Von Eugène Dabit (1898–1936) kennt man vor allem seinen Roman „Hotel du Nord“ (1929), der ihn berühmt machte und von Marcel Carné 1938 verfilmt wurde. Er zeigt sich darin als Chronist kleiner und großer Nöte, seine Sympathie gilt den Zukurzgekommenen. Als Arbeitersohn kannte er das Milieu, das er beschrieb, sehr genau, es ist in seinem überschaubaren Werk als autobiographischer Dauerhinweis verortet. „Petit–Louis“ ist ein komplett unbekannter Roman von ihm, ein Jahr nach „Hotel du Nord“ erschienen, und liegt nun zum ersten Mal auf deutsch vor.

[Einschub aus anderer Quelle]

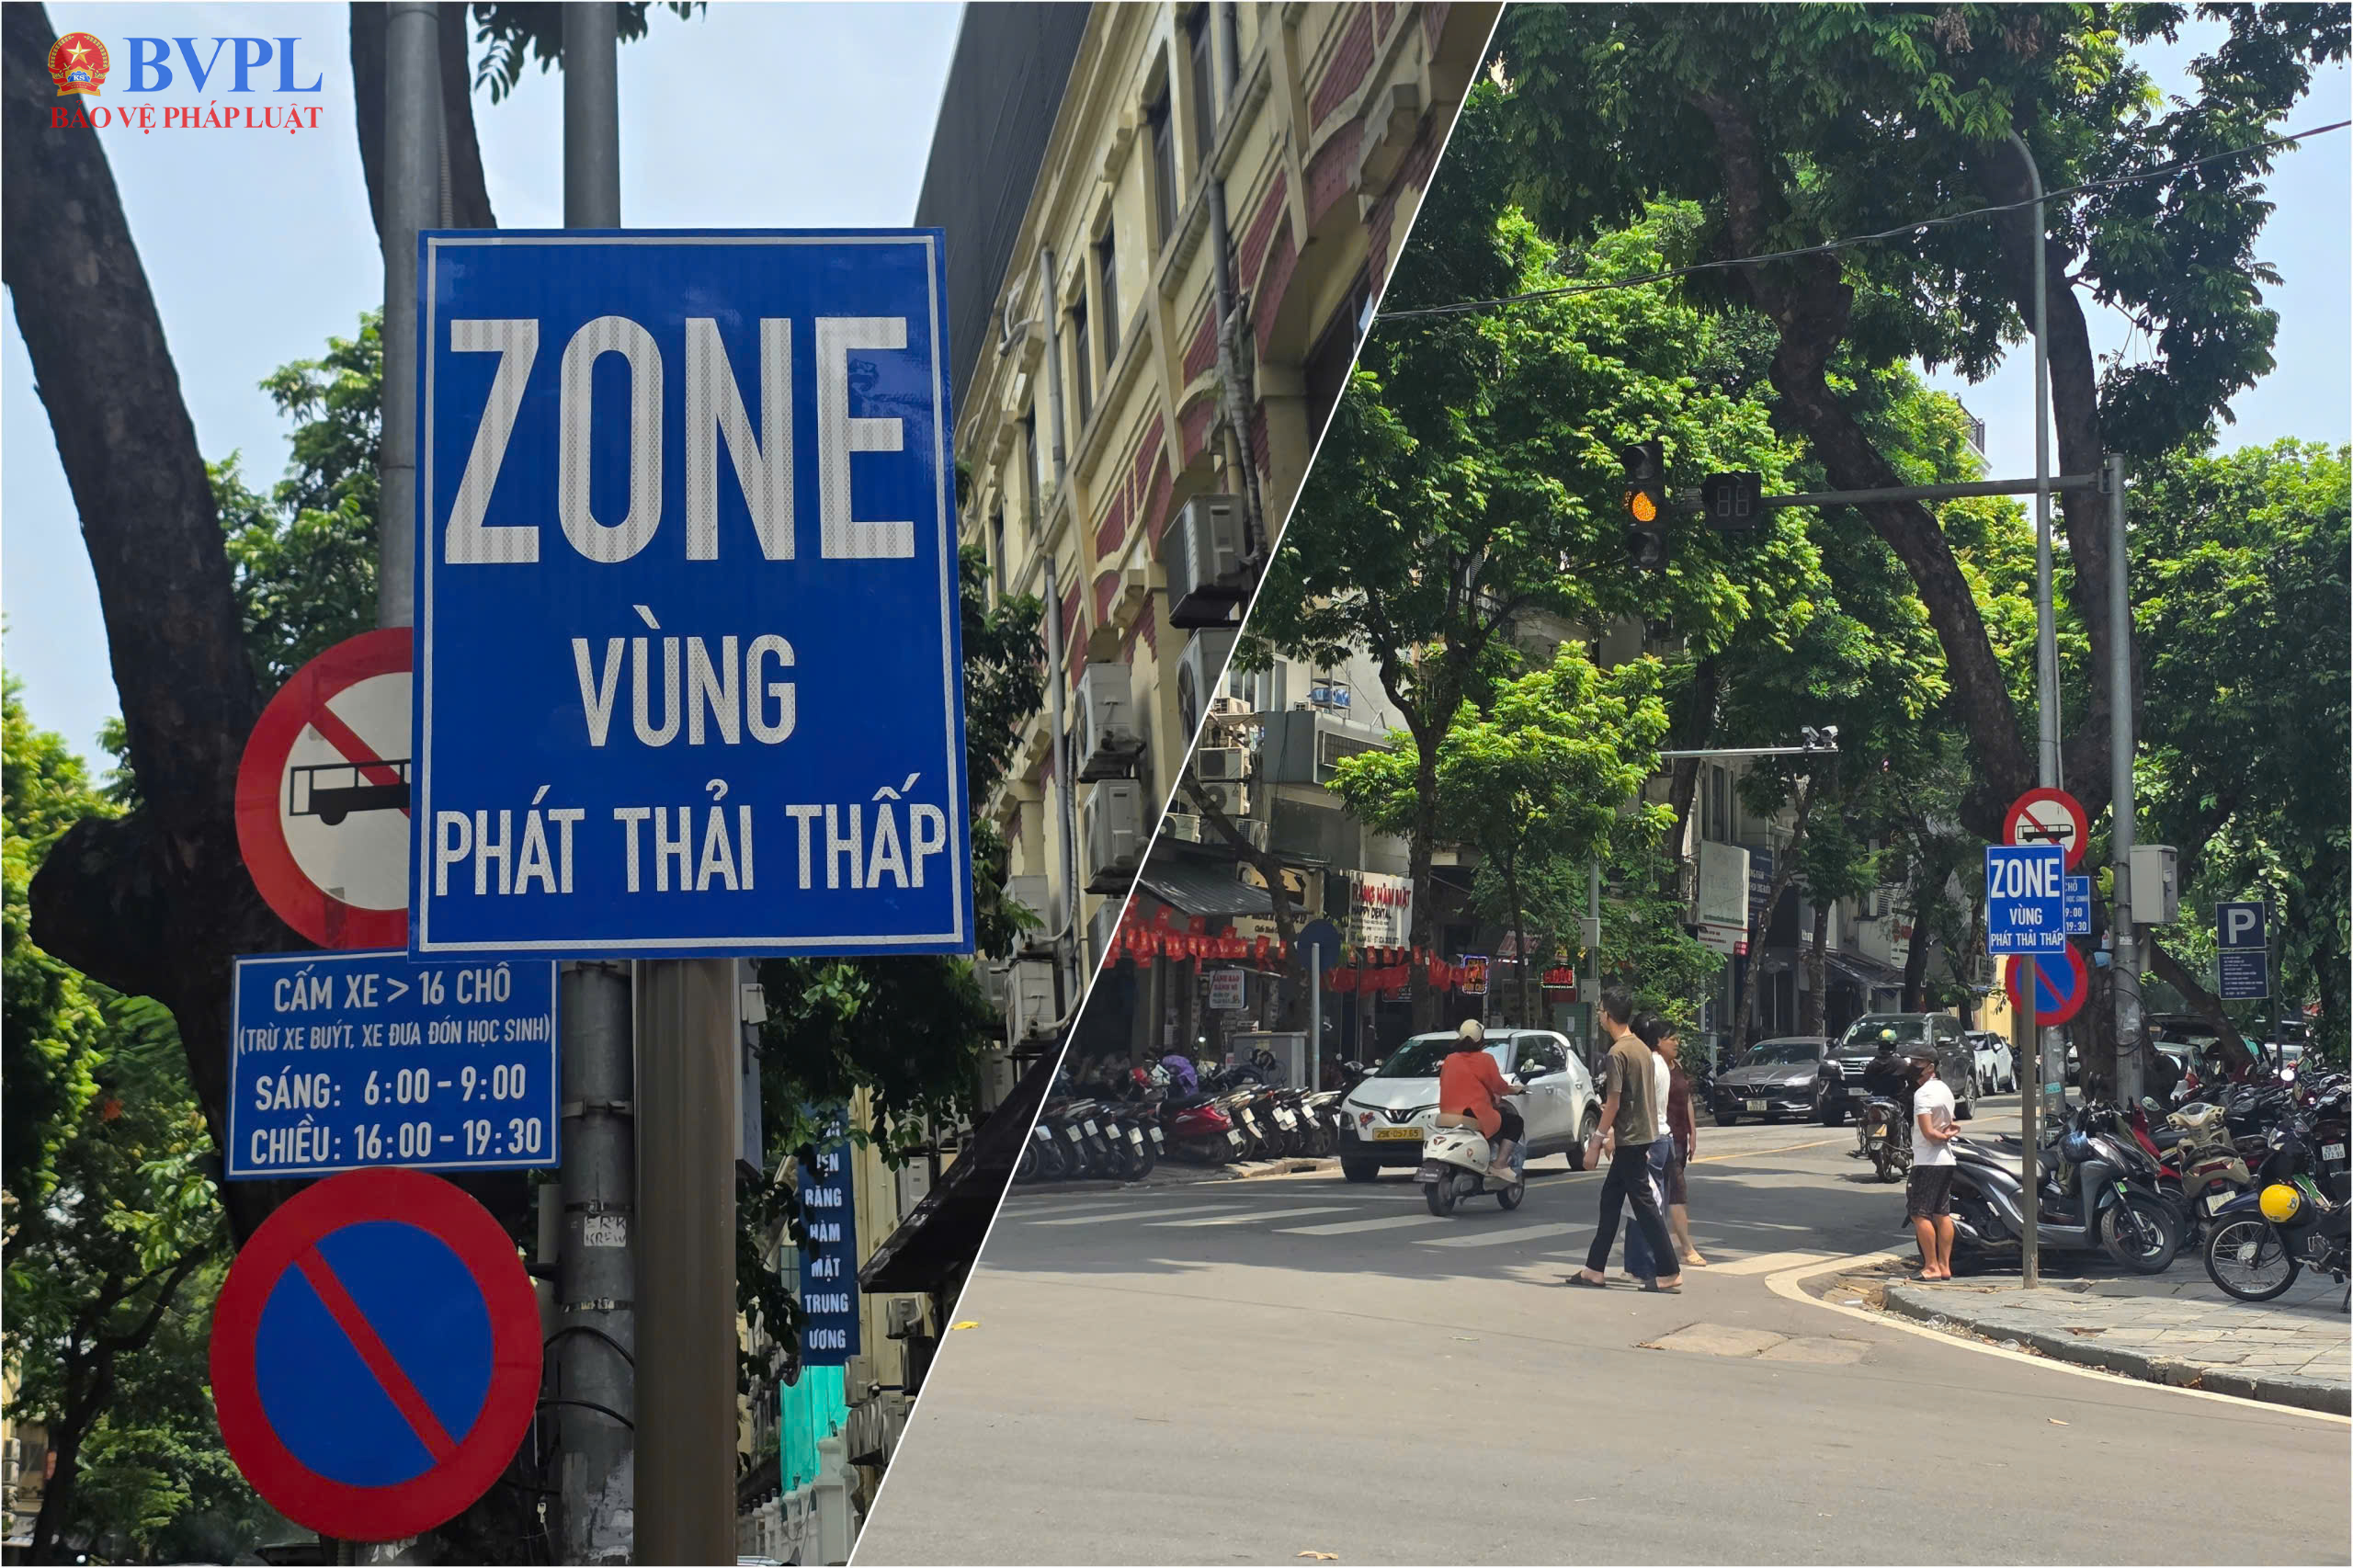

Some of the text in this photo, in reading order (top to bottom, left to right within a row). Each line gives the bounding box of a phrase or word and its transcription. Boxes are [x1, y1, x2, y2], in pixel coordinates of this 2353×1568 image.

Ein Pariser Arbeitervorort unmittelbar vor Ausbruch des 1. Weltkriegs: Der knapp 16–jährige Ich–Erzähler, Louis Decamp, den alle nur Petit–Louis nennen, muss verstört miterleben, wie sein Vater, ein Mann, der anscheinend nicht gerade zu den reflektiertesten Zeitgenossen gehört („Mein Vater ging nicht zur Wahl und las keine Zeitung“), sich freiwillig zum Kriegseinsatz meldet. Der Junge kann nun seine Lehre nicht weitermachen, alle Männer werden eingezogen, er ergattert zunächst noch einen Minijob als Wagenwäscher in einer Transportgesellschaft, derweil seine Mutter fortan als Putzfrau arbeitet; die prekäre finanzielle Lage, die sich mit dem Fortgang des Familienoberhaupts drastisch verschlimmert, liegt wie ein Grauschleier über der gesamten Szenerie. Doch die Beziehung zum Vater bleibt stark, in abenteuerlichen Eskapaden folgt er ihm sogar bis in die Kaserne, nur um ihn zu „besuchen“. Um dauerhaft noch näher bei ihm zu sein, meldet er sich nach den ersten Kriegshandlungen freiwillig zur Armee – und wird, obwohl er eigentlich noch zu jung ist, sofort als tauglich eingestuft und eingezogen.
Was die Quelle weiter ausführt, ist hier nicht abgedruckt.